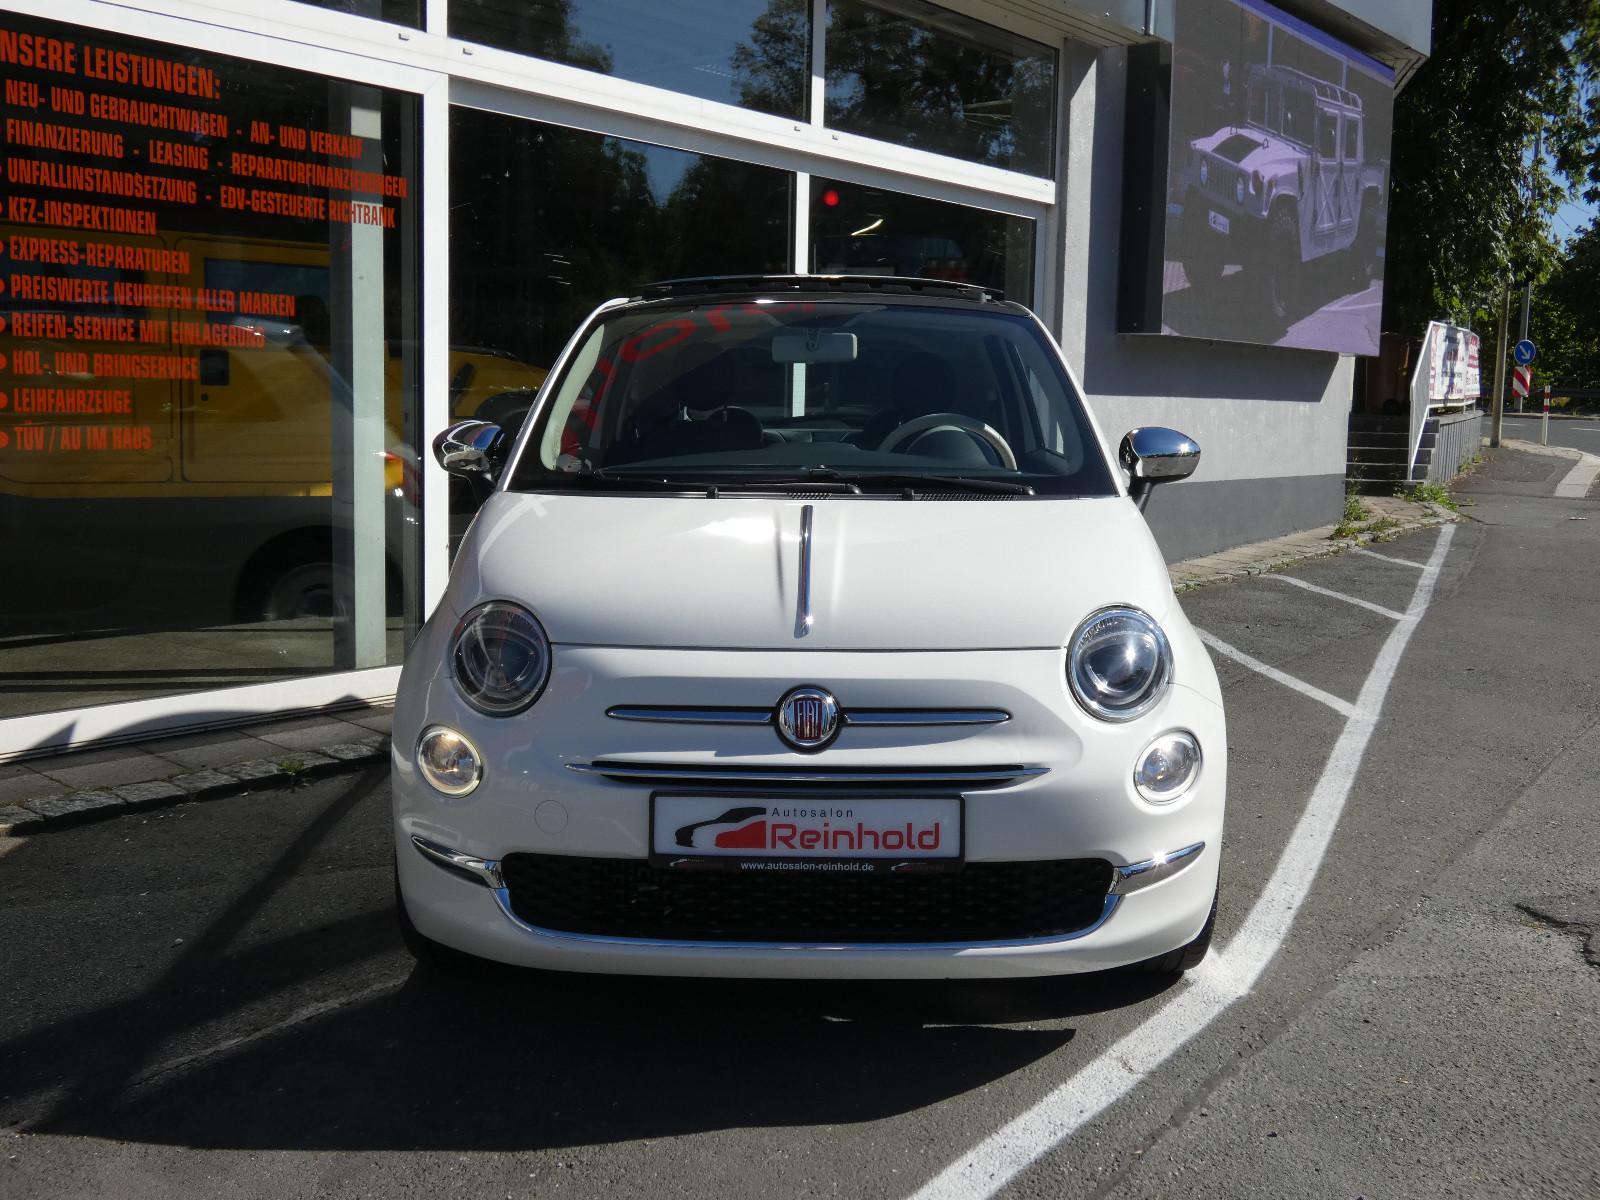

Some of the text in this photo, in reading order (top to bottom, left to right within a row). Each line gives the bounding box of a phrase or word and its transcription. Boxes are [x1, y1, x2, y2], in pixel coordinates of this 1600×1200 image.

[83, 45, 221, 99] LEISTUNGEN:
[5, 79, 46, 109] NEU-
[51, 86, 85, 116] UND
[90, 93, 228, 139] GEBRAUCHTWAGEN
[250, 120, 276, 145] AN-
[279, 125, 307, 150] UND
[310, 130, 364, 160] VERKAUF
[6, 118, 124, 159] FINANZIERUNG
[149, 140, 209, 171] LEASING
[231, 151, 407, 198] REPARATURFINANZIERUNGEN
[7, 157, 197, 205] UNFALLINSTANDSETZUNG
[220, 185, 325, 220] EDV-GESTEUERTE
[328, 200, 395, 228] RICHTBANK
[8, 196, 157, 236] KFZ-INSPEKTIONEN
[9, 235, 190, 275] EXPRESS-REPARATUREN
[10, 273, 296, 317] PREISWERTE NEUREIFEN ALLER MARKEN
[11, 312, 266, 349] REIFEN-SERVICE MIT EINLAGERUNG
[12, 349, 199, 380] HOL- UND BRINGSERVICE
[13, 387, 132, 414] LEIHFAHRZEUGE
[14, 419, 45, 450] TÜV
[59, 426, 82, 450] AU
[86, 427, 109, 449] IM
[112, 427, 153, 450] HAUS
[797, 700, 821, 738] FIAT
[771, 807, 853, 818] Autosalon
[770, 822, 940, 850] Reinhold
[740, 861, 875, 872] www.autosalon-reinhold.de
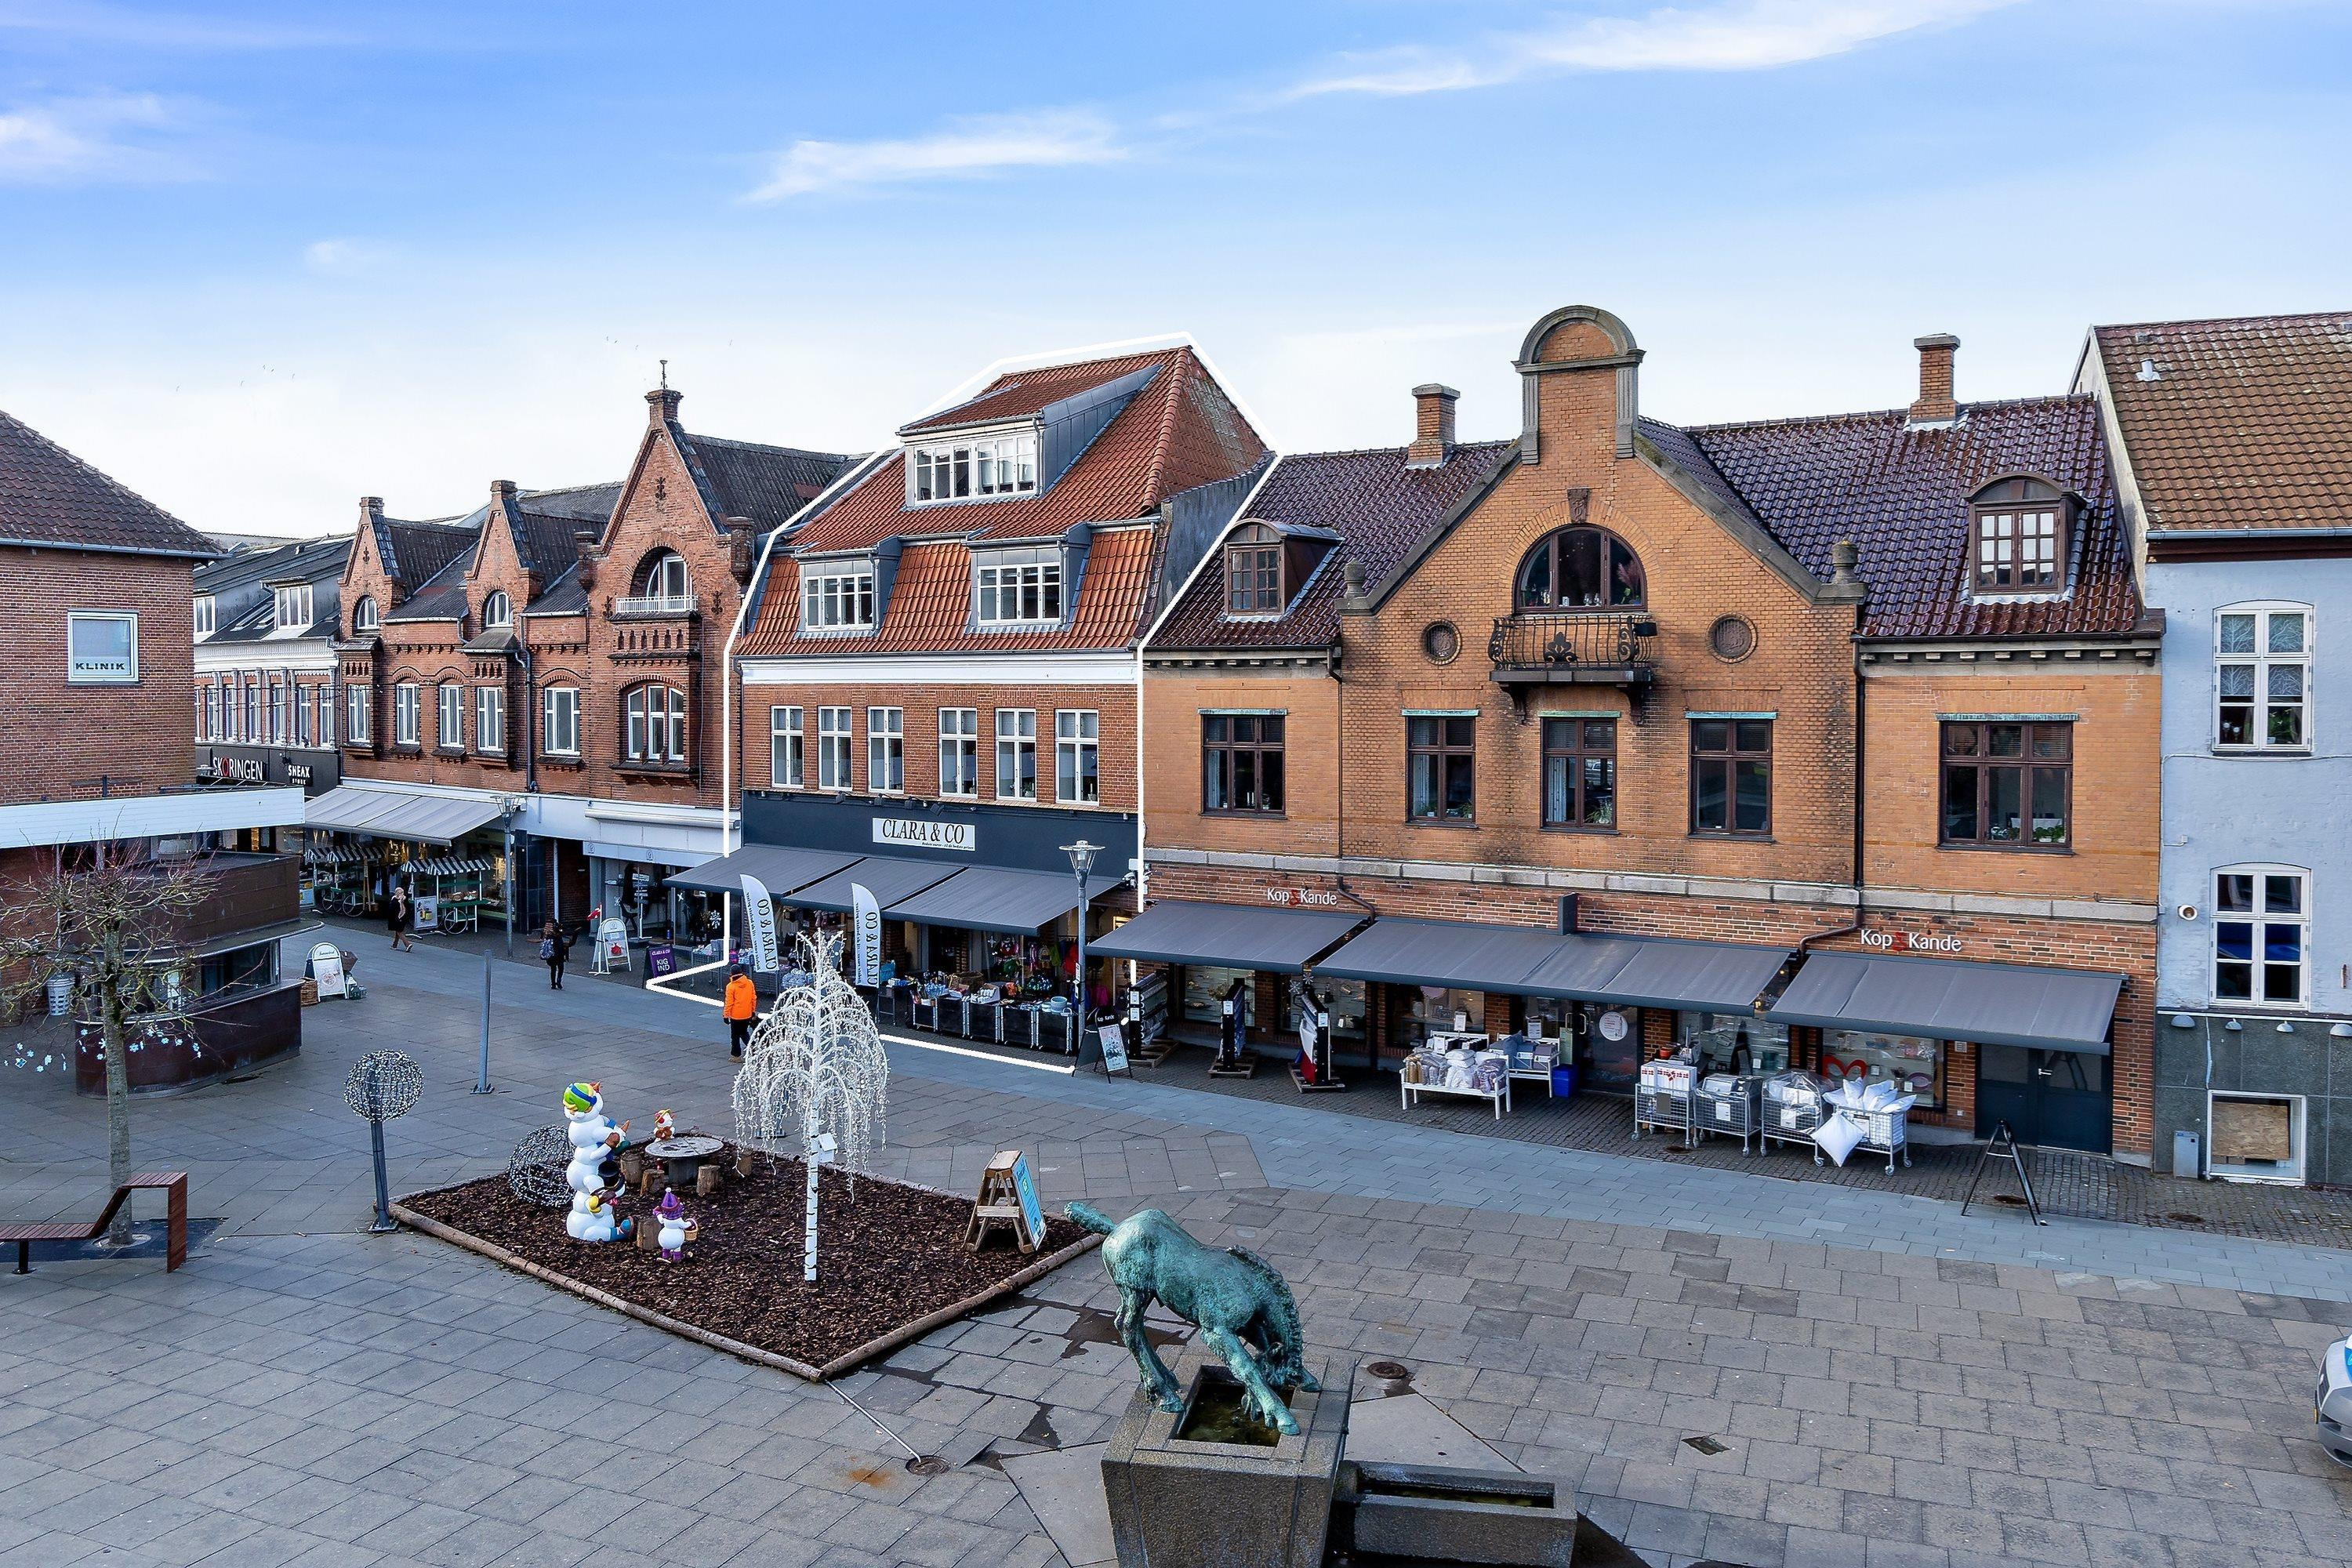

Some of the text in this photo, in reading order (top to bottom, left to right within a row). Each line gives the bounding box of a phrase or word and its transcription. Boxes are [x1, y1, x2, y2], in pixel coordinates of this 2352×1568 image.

[212, 757, 263, 781] SKORINGEN
[288, 764, 310, 779] SNEAX
[882, 818, 964, 844] CLARA & CO
[1267, 887, 1290, 905] Kop
[1300, 889, 1338, 905] Kande
[1860, 929, 1893, 950] Kop
[1908, 932, 1962, 952] Kande

YOUR INSTRUCTIONS:
Write out every entry again word for word, without any of the pictures.

RESPONSE BELOW:
Some of the text in this photo, in reading order (top to bottom, left to right within a row). Each line gives the bounding box of a phrase or word and its transcription. Boxes are [x1, y1, x2, y2], in pixel coordinates of this 1600×1200 image.

[83, 45, 221, 99] LEISTUNGEN:
[5, 79, 46, 109] NEU-
[51, 86, 85, 116] UND
[90, 93, 228, 139] GEBRAUCHTWAGEN
[250, 120, 276, 145] AN-
[279, 125, 307, 150] UND
[310, 130, 364, 160] VERKAUF
[6, 118, 124, 159] FINANZIERUNG
[149, 140, 209, 171] LEASING
[231, 151, 407, 198] REPARATURFINANZIERUNGEN
[7, 157, 197, 205] UNFALLINSTANDSETZUNG
[220, 185, 325, 220] EDV-GESTEUERTE
[328, 200, 395, 228] RICHTBANK
[8, 196, 157, 236] KFZ-INSPEKTIONEN
[9, 235, 190, 275] EXPRESS-REPARATUREN
[10, 273, 296, 317] PREISWERTE NEUREIFEN ALLER MARKEN
[11, 312, 266, 349] REIFEN-SERVICE MIT EINLAGERUNG
[12, 349, 199, 380] HOL- UND BRINGSERVICE
[13, 387, 132, 414] LEIHFAHRZEUGE
[14, 419, 45, 450] TÜV
[59, 426, 82, 450] AU
[86, 427, 109, 449] IM
[112, 427, 153, 450] HAUS
[797, 700, 821, 738] FIAT
[771, 807, 853, 818] Autosalon
[770, 822, 940, 850] Reinhold
[740, 861, 875, 872] www.autosalon-reinhold.de

Some of the text in this photo, in reading order (top to bottom, left to right within a row). Each line gives the bounding box of a phrase or word and its transcription. Boxes are [x1, y1, x2, y2], in pixel coordinates of this 2352×1568 image.

[212, 757, 263, 781] SKORINGEN
[288, 764, 310, 779] SNEAX
[882, 818, 964, 844] CLARA & CO
[1267, 887, 1290, 905] Kop
[1300, 889, 1338, 905] Kande
[1860, 929, 1893, 950] Kop
[1908, 932, 1962, 952] Kande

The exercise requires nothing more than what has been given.